New Internationalist

What lies behind Britain’s ‘special relationship’ with Bahrain?

bahrain [Related Image]
On Bahrain's Day of Rage on 14 February 2011. Peaceful protests were meant with violence by security forces. Wikipedia.org under a Creative Commons Licence

On 14 March 2011 Saudi Arabia sent hundreds of troops into Bahrain to help crush a growing protest movement. More than 30 people died, hundreds were injured and thousands arrested.

The response of the British government was to support and condone the action. We know that Saudi forces used armoured vehicles supplied by Britain as they entered the country, and we know that the Foreign Secretary, William Hague, was told about the plan in advance.

Britain’s military support for the Saudis has continued apace, with arms sales reaching US$5.8 billion. Some may recall the humiliating sight of Prince Charles doing a sword dance for the Saudi royal family in order to lubricate a deal on behalf of BAE Systems.

Arms sales to Bahrain have also increased, with the most recently published figures showing that Britain has licensed almost US$66 million worth of military and dual-use exports to the regime since 2012. These have included assault rifles, explosives, pistols, naval guns and sniper rifles.

As important, has been the  increase in political support. The House of Commons’ Foreign Affairs Committee recently concluded: ‘Both the government and the opposition in Bahrain view UK defence sales as a signal of British support for the government’.

Britain’s relationship with the regime was embodied in GREAT British Week celebrations put on in January by the British embassy in Bahrain to mark what organizers called 200 years of ‘friendship and strong bilateral relations’. The event saw a 250-strong delegation including such luminaries as Prince Andrew, Philip Hammond, the Secretary of State for Defence, a host of weapons companies, such as Rolls Royce and BAE Systems, and even a big red London bus.

The festivities were a far cry from the experience of Bahraini citizens on the receiving end of government-sanctioned abuse. King Hamad bin Isa Al Khalifah of Bahrain has subsequently introduced a law that imposes jail sentences of up to seven years and a fine of up to 10,000 dinars (US $26,500) on any citizen who publicly insults him.

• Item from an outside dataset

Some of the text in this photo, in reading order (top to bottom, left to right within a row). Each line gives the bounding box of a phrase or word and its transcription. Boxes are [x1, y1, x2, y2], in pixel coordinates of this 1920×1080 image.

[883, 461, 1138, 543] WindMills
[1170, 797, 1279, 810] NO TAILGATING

Unfortunately this was not an isolated event. GREAT British Week was only the latest in a long line of events promoted by the British government to strengthen its relationship with the dictatorship. Since then, Prince Charles has made a visit to the regime with Britain’s ambassador emphasizing that the UK-Bahrain relationship ‘is a warm, close and long-standing one’. Similarly, British Prime Minister David Cameron has met with the regime a number of times, last year receiving the King in Downing Street. After the meeting, Cameron used the opportunity to talk up a possible deal over Eurofighter jet sales, but said nothing of Bahrain’s human rights situation.

In its most recent ‘Human Rights and Democracy’ report, the Foreign and Commonwealth Office (FCO) listed 27 countries of concern. Bahrain was not included. The report concluded that, despite all of the evidence on the contrary, human rights were improving in the Gulf country. The report concluded that: ‘The UK remains committed to providing the government of Bahrain with the support and assistance it requires’. The decision was widely criticized by human rights organizations, with Human Rights Watch saying ‘we believe that the FCO continues to overstate the extent of reform in Bahrain and downplay serious and continuing rights abuses there’.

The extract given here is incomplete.